Nell'ultima seduta prima di Natale ci si era lasciati di fronte a un bivio su cui l'assemblea è chiamata decidere: o accettare la proposta di riequilibrio economico avanzata dalla società Sipac oppure affrontare un contenzioso legale che potrebbe costare oltre 2,4 milioni di euro alle casse comunali.

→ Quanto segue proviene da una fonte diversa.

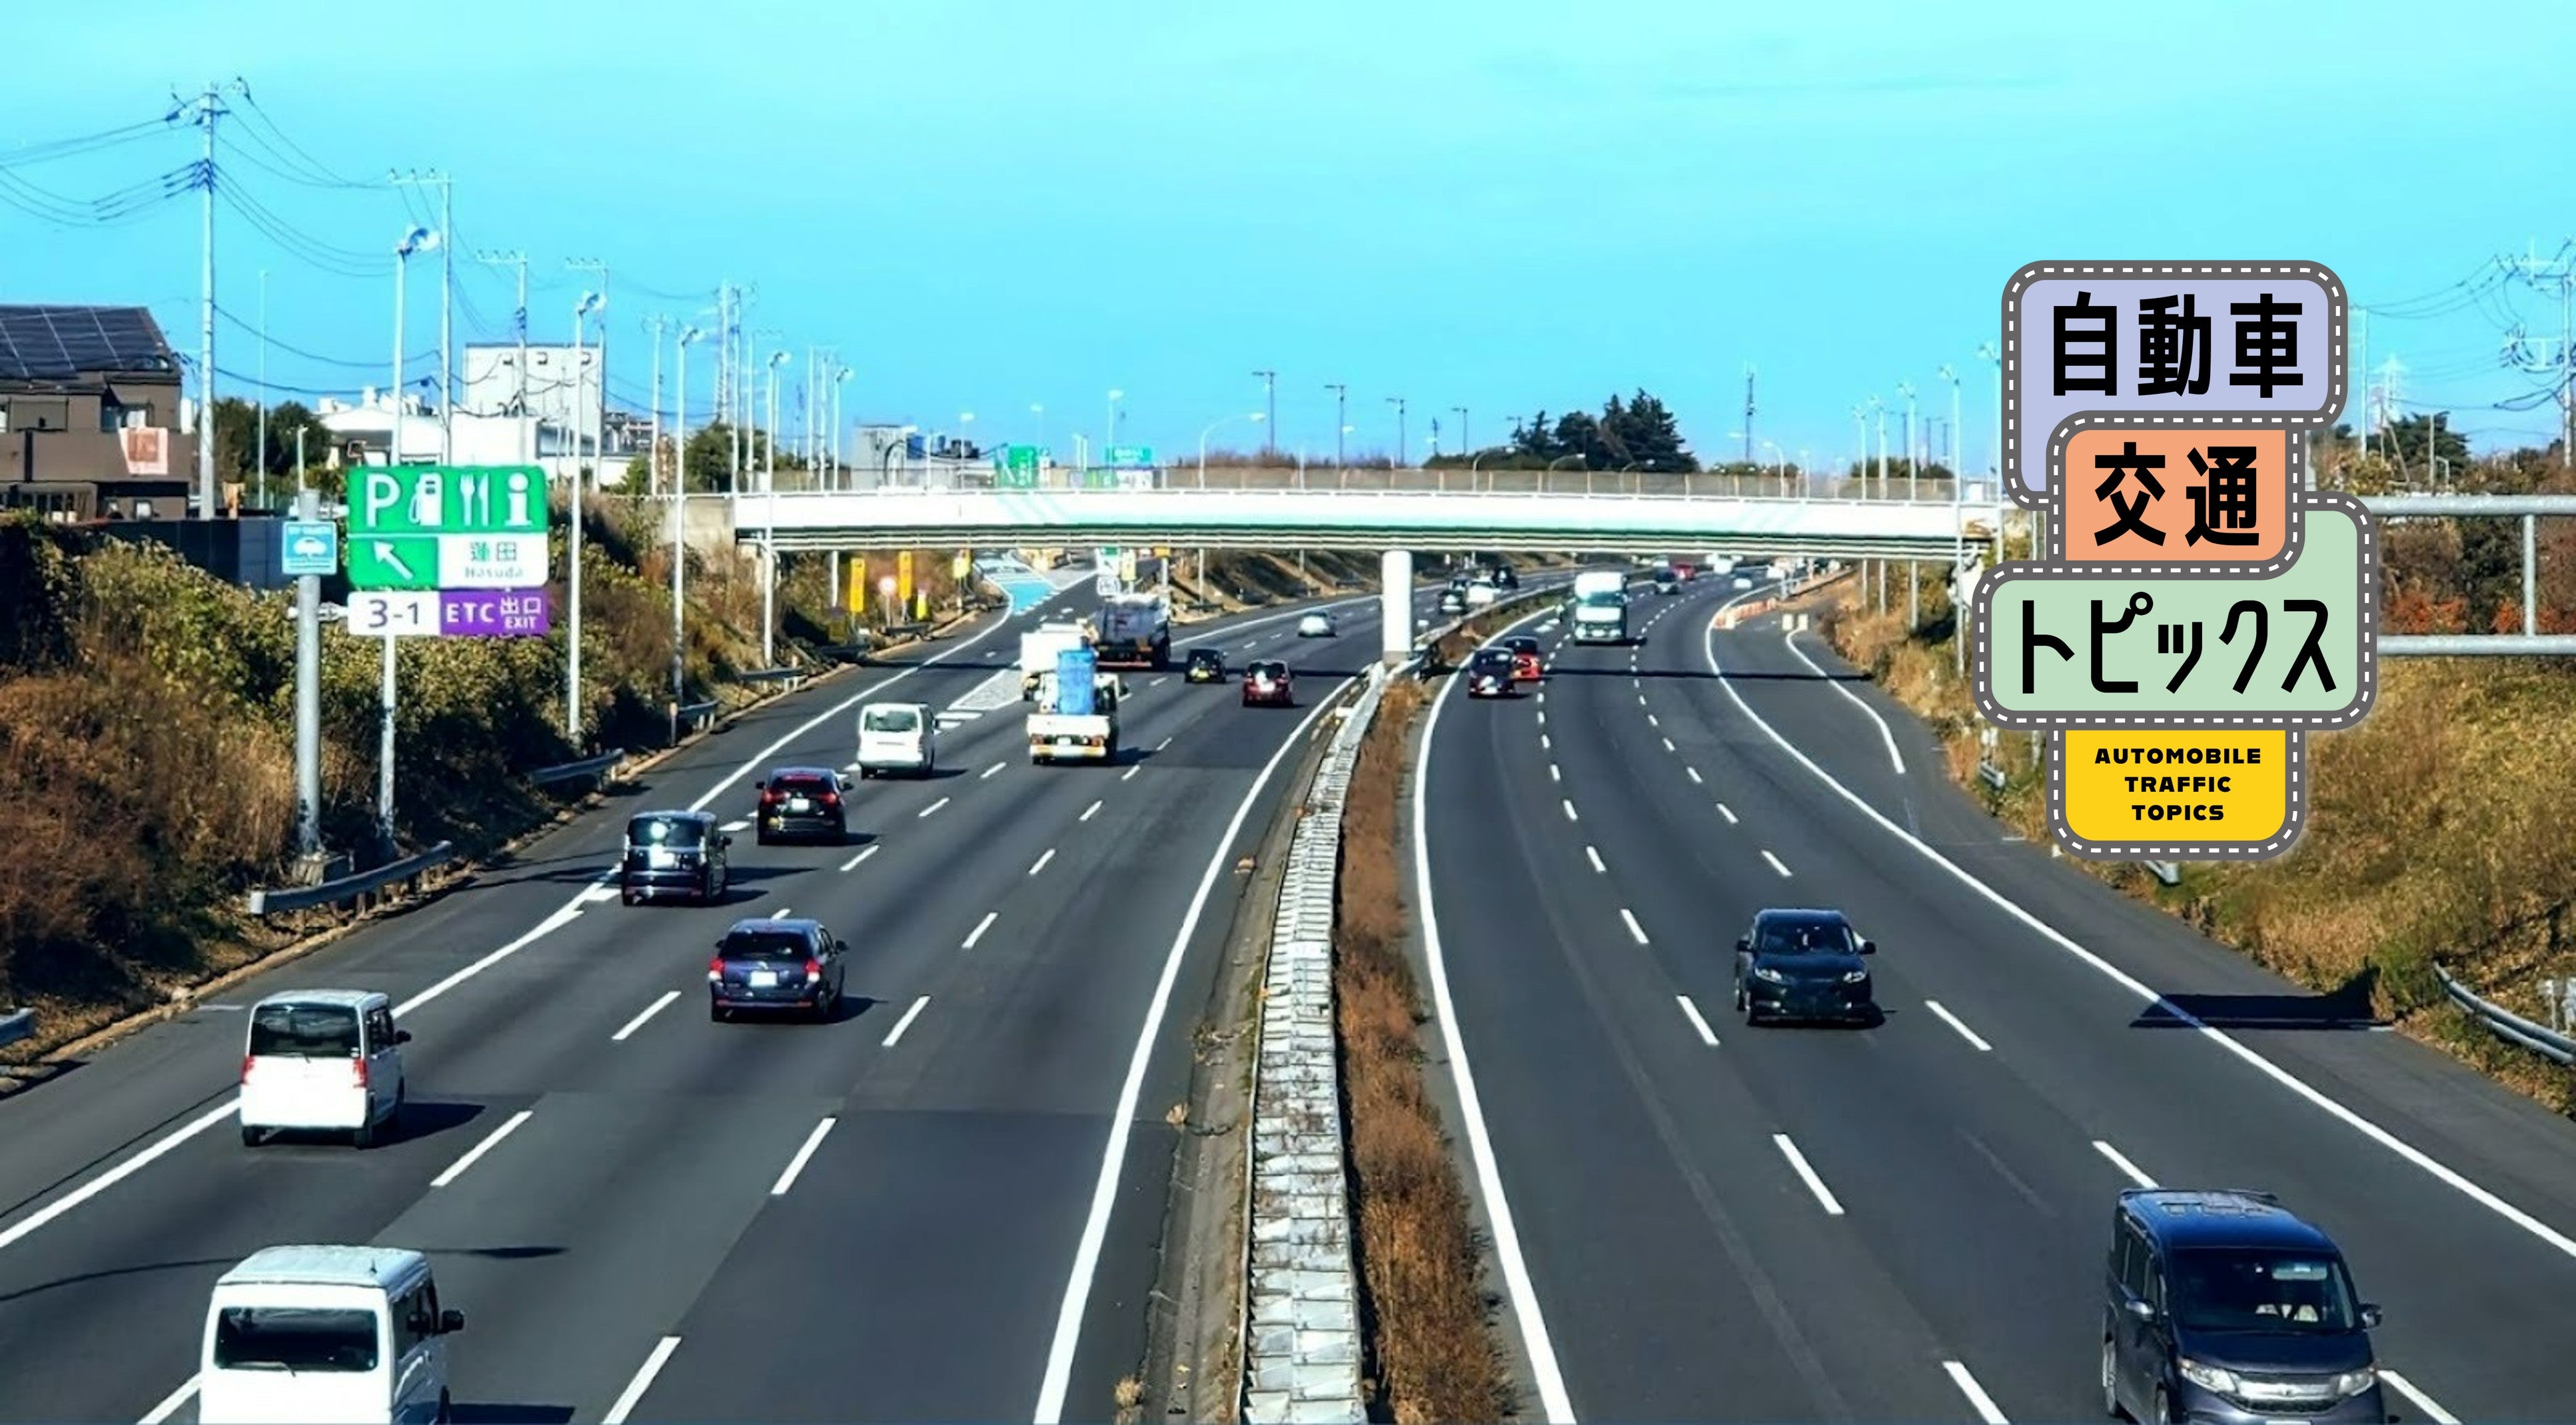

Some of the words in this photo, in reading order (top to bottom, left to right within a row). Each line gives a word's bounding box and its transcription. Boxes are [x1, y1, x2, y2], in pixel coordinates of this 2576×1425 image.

[367, 473, 400, 527] P
[368, 600, 418, 628] 3-1
[446, 603, 495, 623] ETC
[500, 597, 541, 615] 出口
[505, 616, 537, 629] EXIT
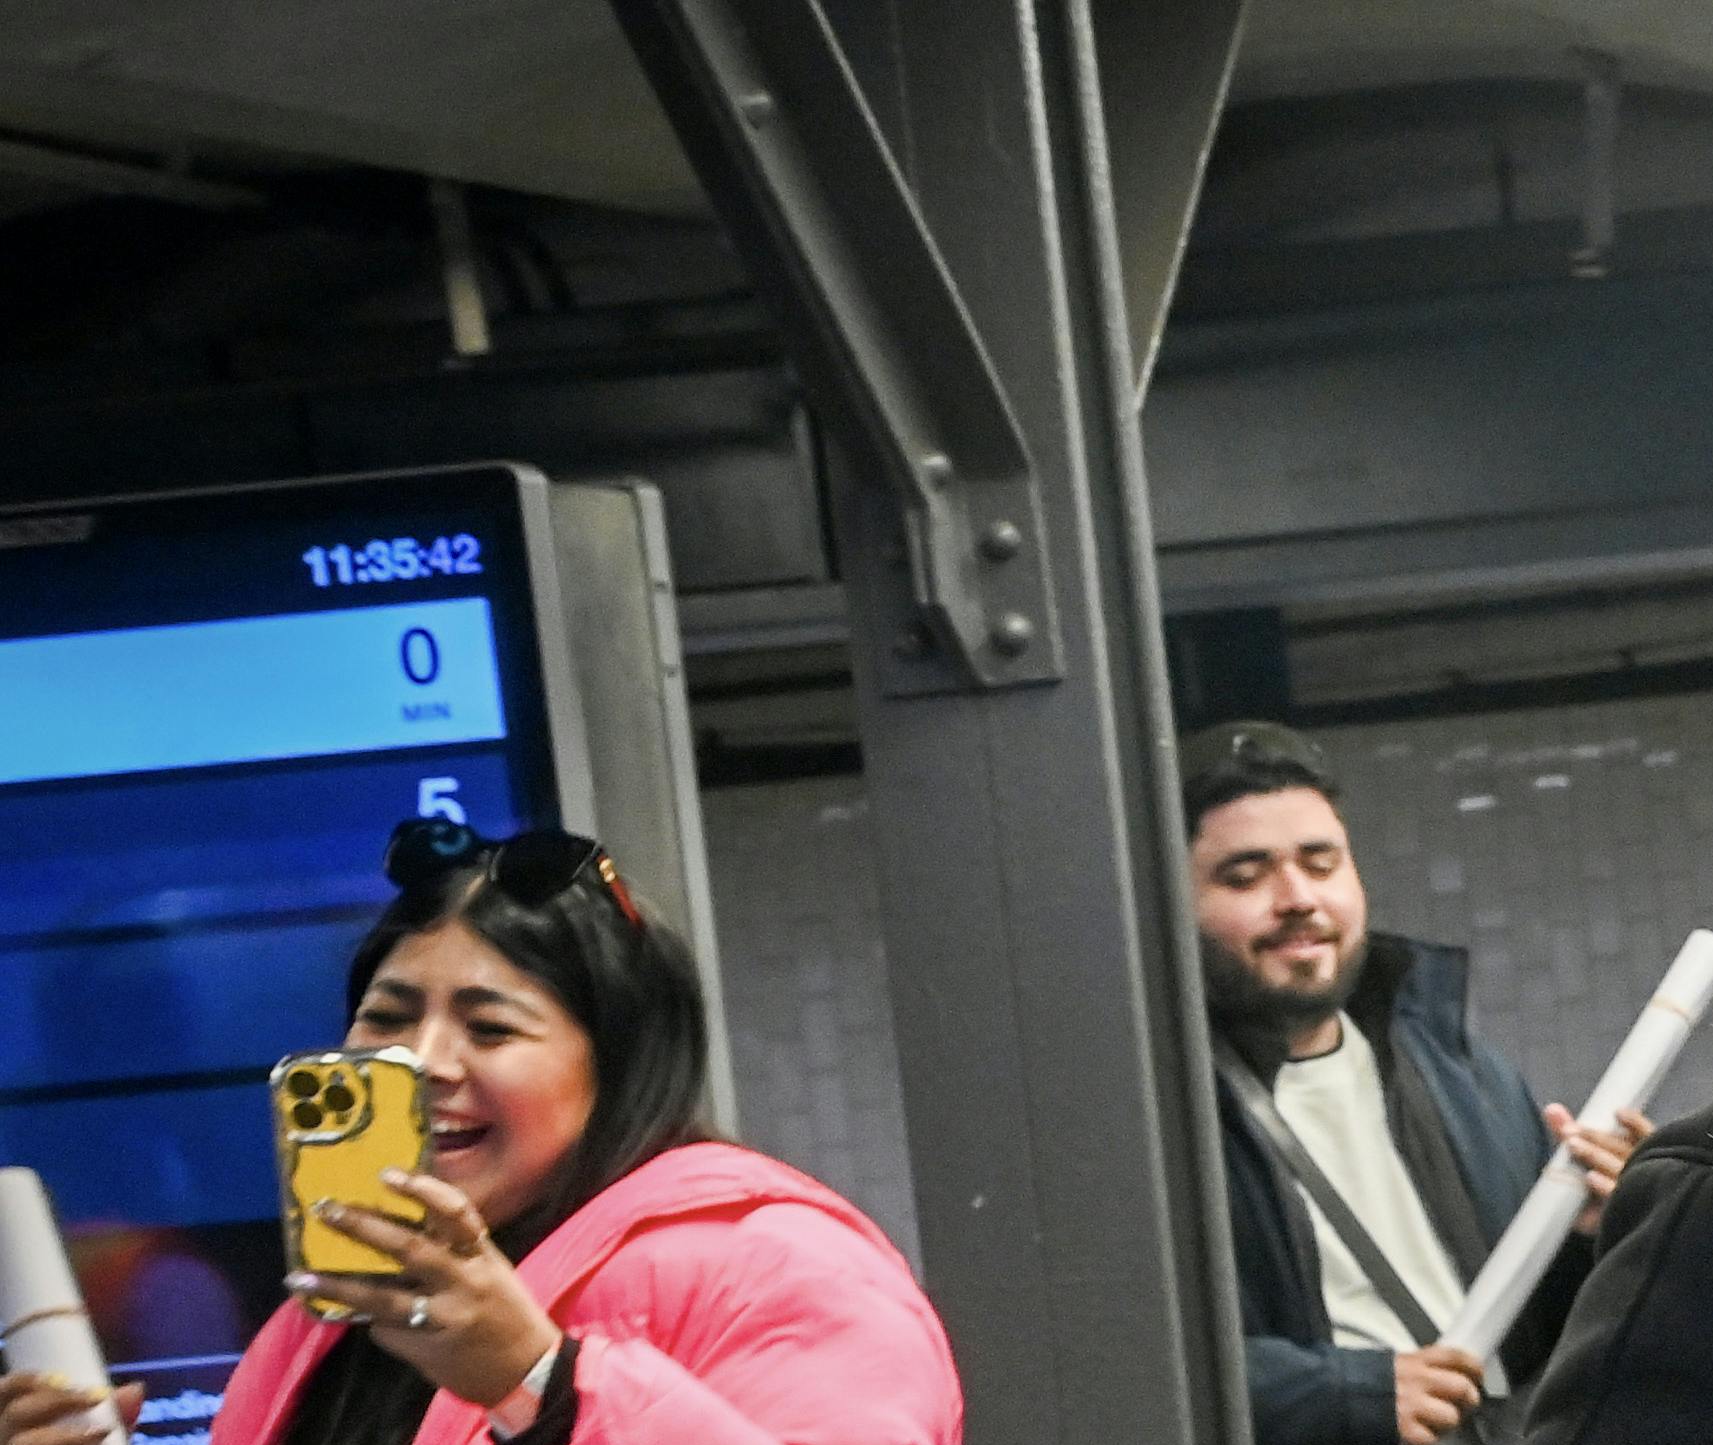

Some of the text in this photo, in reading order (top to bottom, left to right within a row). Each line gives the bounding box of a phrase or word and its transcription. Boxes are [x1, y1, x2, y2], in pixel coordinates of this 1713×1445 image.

[303, 533, 483, 587] 11:35:42
[400, 627, 440, 685] 0
[402, 703, 451, 722] MIN
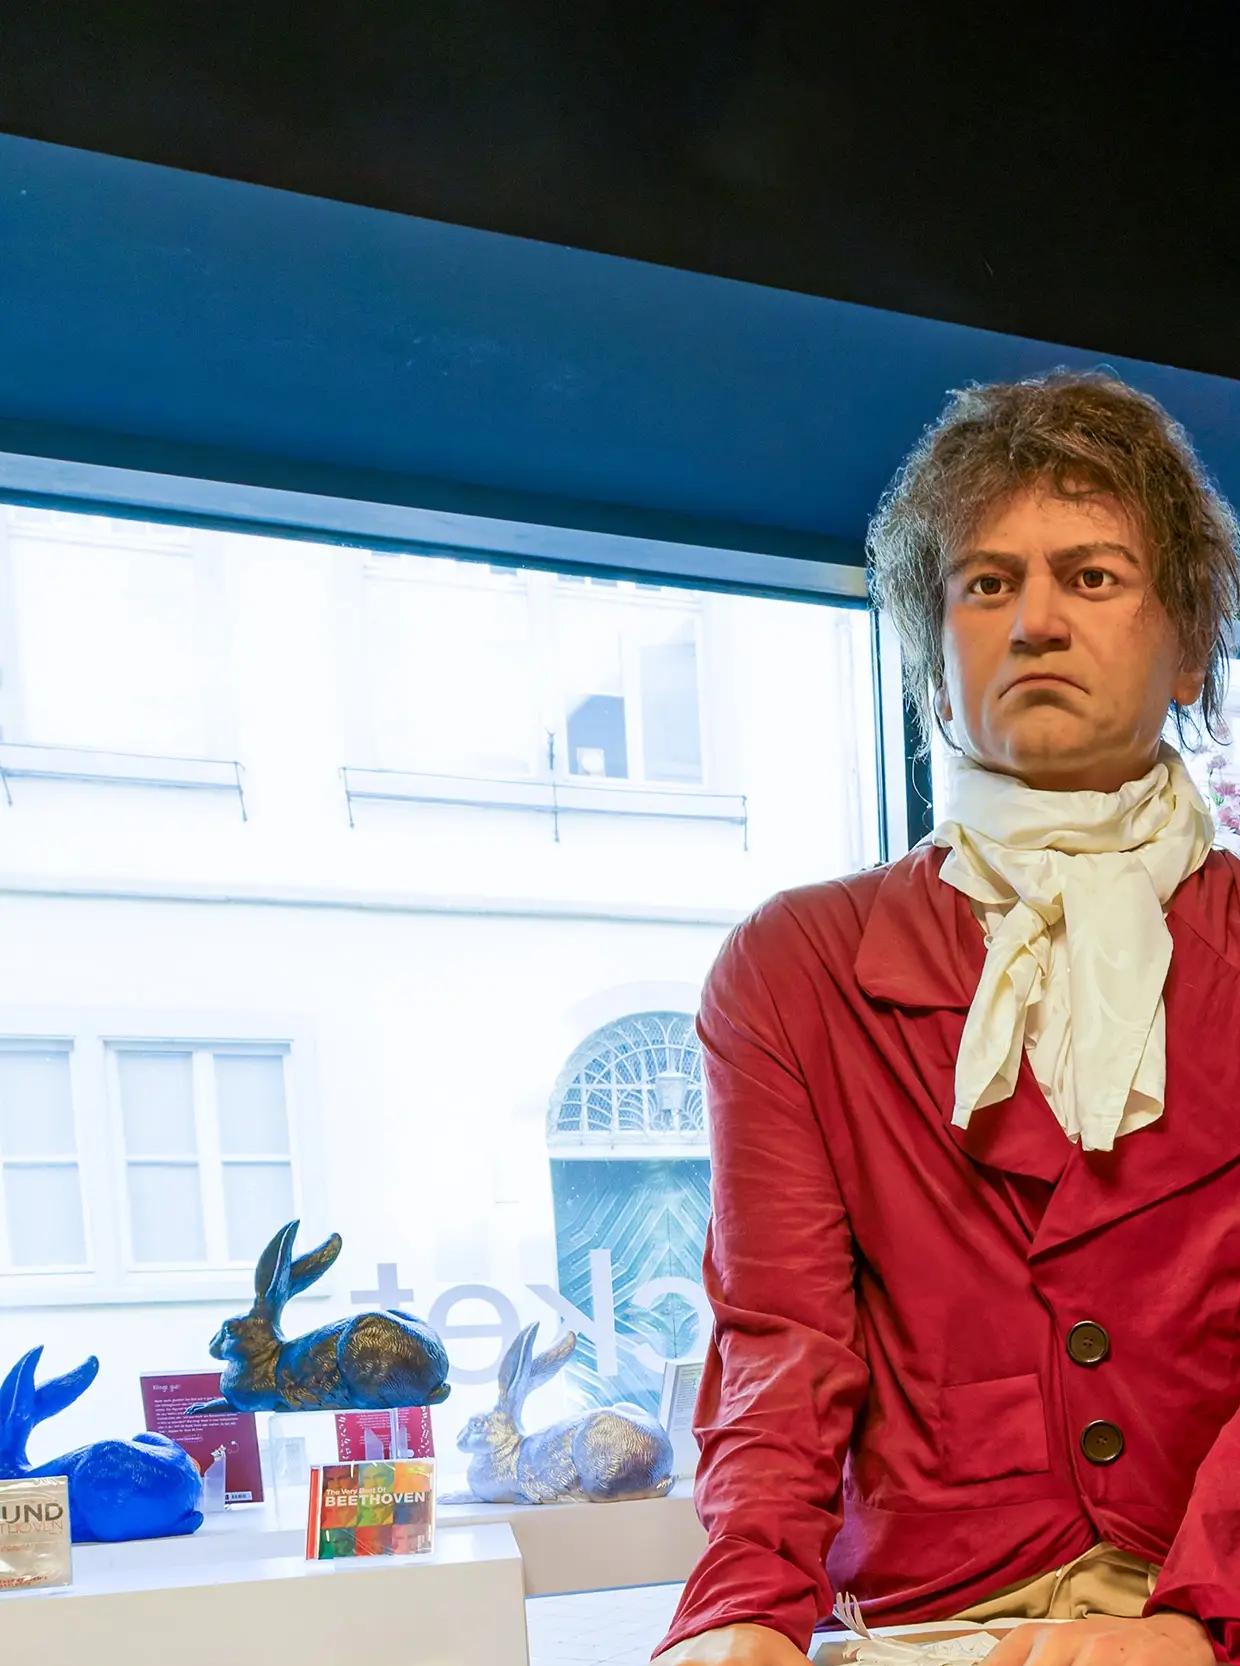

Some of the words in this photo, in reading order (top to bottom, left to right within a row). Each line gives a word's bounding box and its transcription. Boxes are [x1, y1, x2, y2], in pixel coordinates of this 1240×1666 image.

[326, 1488, 340, 1496] The
[340, 1487, 358, 1497] Very
[358, 1486, 377, 1494] Best
[325, 1491, 425, 1507] BEETHOVEN

Per riequilibrare il piano economico, Sipac ha presentato una proposta che prevede la proroga della gestione dei parcheggi in superficie dal 2031 al 31 luglio 2047, l’aumento degli stalli blu da circa 1.000 a 1.179 (includendo piazza Cavalieri di Vittorio Veneto o piazzale dell'Inps), la revisione del canone versato al Comune – che scenderebbe a circa 20 mila euro annui fino al 1 milione, oltre il quale sale al 35% (ad esempio su un incasso di 1,1 milioni si tratterrebbero 55 mila euro al posto dei 210mila precedenti) – e l’aumento delle tariffe, con la sosta in zona ospedale che passerebbe da 2,20 a 2,45 euro l’ora, indicizzata annualmente all’Istat.
Il Gruppo degli Indipendenti però ha già annunciato la propria assenza alla seduta di oggi.
“In merito alla situazione della gestione parcheggi in area Movicentro – scrive il capogruppo Boselli in una nota - , abbiamo evidenziato la nostra impressione di assistere a un modo un po’ frettoloso di affrontare la questione da parte della Giunta, mentre occorre farlo in modo preciso e approfondito per capire esattamente come sono andate le cose e non come si vorrebbe fossero andate. Lascia perplessi il fatto che la controversia con Sipac, aperta dal 2021 sia stata resa nota solo a fine 2025 nella V Commissione del 22 dicembre.
Per questo motivo il giorno seguente, il 23 dicembre, abbiamo fatto accesso agli atti per avere delibere, determine dirigenziali, atti e corrispondenza intercorse con Regione e Ferrovie dello Stato, tra Amministrazione e Sipac e tra Amministrazione e Studio Legale che segue la questione.
Ad oggi, dopo 37 giorni non abbiamo ricevuto nulla di quanto richiesto.
Per questo motivo non avendo le necessarie informazioni, non parteciperemo alla Commissione riconvocata per questa sera. Evidenziamo – conclude - comunque come spetti solo alla Giunta assumere la piena responsabilità delle decisioni che riterrà più opportune”.